Looks like my house just in slow motion..lol....Sawyer is growing so fast.... great videos


----------



## Lego&Jacub

LOL Maggie's Mom... too funny!!! And I bet, you probably have that going on in three different piles LMBO!!!

Penny&Maggie's Mom... Both Sawyer and Geddy give as good as they get... but somehow Geddy is also very sweet in allowing him to get away with the ear grabs. She just loves her little man!!! Sawyer IS getting big isn't he?? He's over 40 lbs now, and is really starting to look like a little doggie... not so puppyish anymore!


----------



## monomer

Hey, that's a mighty big water bowl you've got out for those puppies. I guess they can work up a powerful thirst when fighting hard in the backyard.

Is this the fight thread? ...if not, I will have to start a "Fight Club" thread... but first I gotta get some new fight videos, all I have right now is old ones. I think that will be my task for tomorrow... video Sid and Soph in fight mode.


----------



## Lego&Jacub

Monomer... yeah this is the thread for fights lol!! Didn't title it properly tho... perhaps you can rename it for me?? Can't wait to see Sid and Soph in action!!!


----------



## monomer

Okay... this is an old one but it is one of my favorites... it'll just have to do until I can get some new footage...


----------



## AndyFarmer

Maggies mom said:


> Looks like my house just in slow motion..lol....Sawyer is growing so fast.... great videos


I was thinking the EXACT same thing!!! LOL


----------



## monomer

Anyone with a 'fight' vid, join in and post them here... I wanna see some dog-fightin' action...


----------



## Maggies mom

Will try and get one tomorrow.... i did post some pictures yesterday of the girls given the boys hell.....


----------



## monomer

Maggies mom said:


> Will try and get one tomorrow....


Oh, this gonna be sooo good... can't wait to see what everyone can get on film tomorrow... (its suppose to rain here tomorrow, so maybe there will be some mud-slinging... ah, I can only hope)


----------



## Maggies mom

Well our weather is calling for a 60% chance of rain... so here that means it gunna rain.... and therefore it will be a mud fight.But only 3 out of the 4 will sling mud.


----------



## Lego&Jacub

LOL... can't wait to see your vid Maggie's Mom!!!

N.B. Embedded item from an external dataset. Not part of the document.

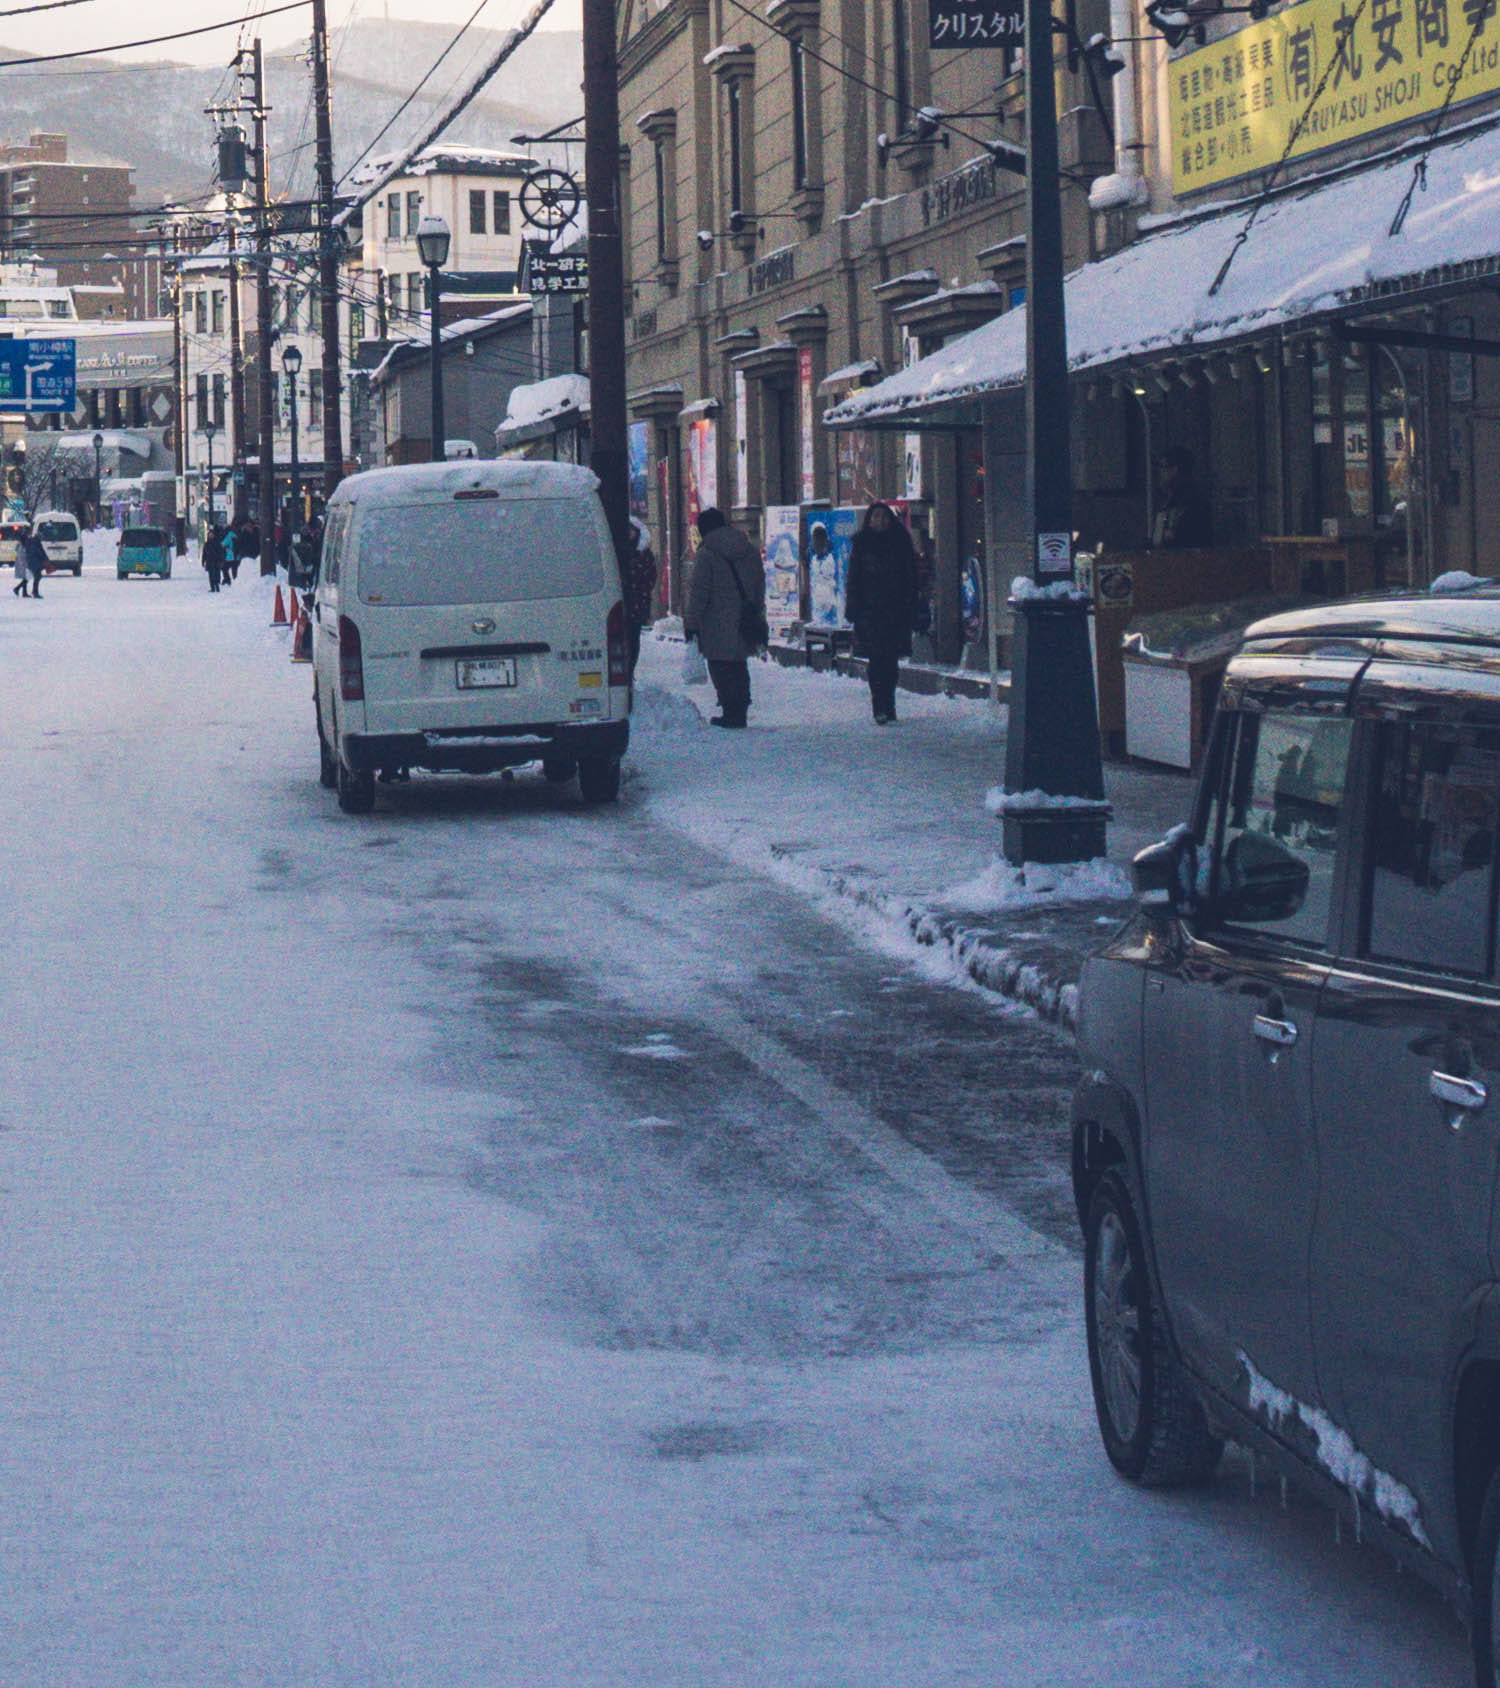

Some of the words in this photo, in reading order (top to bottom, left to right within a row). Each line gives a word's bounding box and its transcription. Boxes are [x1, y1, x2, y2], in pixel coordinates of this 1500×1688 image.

[933, 13, 1026, 40] クリスタル
[1290, 96, 1368, 139] MARUYASU
[1375, 72, 1421, 112] SHOJI

Monomer... what a cute video!!! I was beginning to wonder when exactly the fight was going to take place


----------



## monomer

Here's a couple fresh ones from today... the camera wasn't really fast enough for some of the action...


----------



## monomer

Lego&Jacub said:


> ...I was beginning to wonder when exactly the fight was going to take place


You know how your dog never does whatever it is they were just doing a split second BEFORE you got the camera out? ...well, that was them that day. They spent the better part of an hour 'fightin' up a storm and then split up as soon as I went in and got the camera out... it was just sheer luck that they actually got it on at the end there. Today I had the camera 'cocked and loaded' and at the ready, that's how I got those two vids... however I just missed a real good one only a moment ago while I was in here on the internet and could only watch them through the picture window... 'cause I know as soon as I go out with the camera they will stop and come running to me.... and that's certainly no fun.


----------



## Maggies mom

Well it stormed here all day with thunder and lighten so no video for us. And for some reason the dogs didnt go out much.... long enough to do there business and come right back in and slept all day.


----------



## cham

monomer said:


> Here's a couple fresh ones from today... the camera wasn't really fast enough for some of the action...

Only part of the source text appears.